It happened. December 10, 2021, Greg suffered an aortic dissection, and he suddenly passed away. He was not home when it happened, and that is something I have always prayed my kids would not have to witness. For that I am grateful. He had been at the house playing with the kids just hours before, and then he went on a walk with me before leaving the house. He told the kids he was having some back pain, and later texted me to tell me he was having pain but didn’t think he needed to go to the hospital. And then he was gone. Just like that.
It was shocking to say the least. When Greg was first diagnosed with vEDS almost 5 years ago, we didn’t know if he would live much longer. He had just suffered a renal artery dissection, and he kept having dissection after dissection. We treated every day like it was our last together. Time went on, and Greg’s health became more stable. We were starting to dare to plan years into the future with the hope that Greg still had many years to live. The thought that his death could happen at any moment still lurked in the back of our heads, but things seemed hopeful. Some people with vEDS live into old age, and we hoped for that. While Greg’s death was anticipated, it was also shocking and sudden. We didn’t get to say goodbye, and I know that if we had been given that chance, some things would be easier for all of us.
The past 6 weeks have been filled with so many emotions in my house. We have all had to do things that most people only have nightmares about. I had to tell my young children their dad died. I saw the shock and sadness on my children’s faces when they saw his body at the viewing and their tears as the casket was closed. I buried my best friend and love. And now I am completely responsible for 6 young children, a house, and everything that comes with it. That’s a lot. Life is overwhelming.
My kids have to live their lives without their dad in it. Some of them live in fear that every pain they have could lead to their own sudden death. There is a lot of sadness and anxiety at our house. Each one is dealing with things differently, but each is having a hard time. Within 5 weeks, we celebrated Christmas, New Years, 2 kids’ birthdays, and Greg’s birthday. Lots of firsts. It has been hard. We are not really doing well, and that is to be expected.
I have thought a lot about if and how I want to continue with this website. I feel that I want to continue, as writing is therapeutic for me. I know that my experiences can be helpful to others, if for no other reason than to help them know they aren’t alone. I also feel it is best to be real and honest. It seems that those who go through big losses and trials are sometimes expected to become examples of triumph and faith. We have this idea that rising above our hardships is the goal. That is a lot of pressure. Reality is that maybe we just need to learn to deal with and live with our hardships and losses, and maybe we will learn some important lessons along the way. Loss is hard. Grief is hard. That is real. I promise I won’t be a downer, but I do want to be as honest as I dare to be.

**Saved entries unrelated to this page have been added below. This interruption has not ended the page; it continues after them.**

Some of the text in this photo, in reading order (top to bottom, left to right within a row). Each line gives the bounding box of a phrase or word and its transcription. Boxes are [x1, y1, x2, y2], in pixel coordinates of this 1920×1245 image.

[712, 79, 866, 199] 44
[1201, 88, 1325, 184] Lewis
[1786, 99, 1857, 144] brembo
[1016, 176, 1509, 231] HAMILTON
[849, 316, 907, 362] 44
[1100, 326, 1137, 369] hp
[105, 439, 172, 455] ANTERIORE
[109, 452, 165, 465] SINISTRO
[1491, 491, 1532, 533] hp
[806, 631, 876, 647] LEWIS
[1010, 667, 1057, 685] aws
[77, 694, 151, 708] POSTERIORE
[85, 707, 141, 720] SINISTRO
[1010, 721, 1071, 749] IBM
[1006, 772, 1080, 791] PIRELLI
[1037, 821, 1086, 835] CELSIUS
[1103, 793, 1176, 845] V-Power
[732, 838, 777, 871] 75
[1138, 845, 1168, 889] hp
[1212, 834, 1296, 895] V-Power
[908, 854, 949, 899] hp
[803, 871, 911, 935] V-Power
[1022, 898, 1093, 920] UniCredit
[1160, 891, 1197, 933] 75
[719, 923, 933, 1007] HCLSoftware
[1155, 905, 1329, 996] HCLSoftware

I miss Greg. It is amazing the small things that I miss. The sound of his footsteps and his shoe that always squeaked when he walked in the door. The unusual way he sat on the couch. The strange spices he would put in the food he cooked. The way he brushed his teeth while reclining in bed. There is so much. We are doing our best to figure out what life looks like without him here, and we will figure it out. It will just take some time.
There is also much to be grateful for. We have been shown God’s love through those around us, and I have no doubt that His hand is in my life. I am so grateful for our amazing family and friends and the love we have been shown during this difficult time.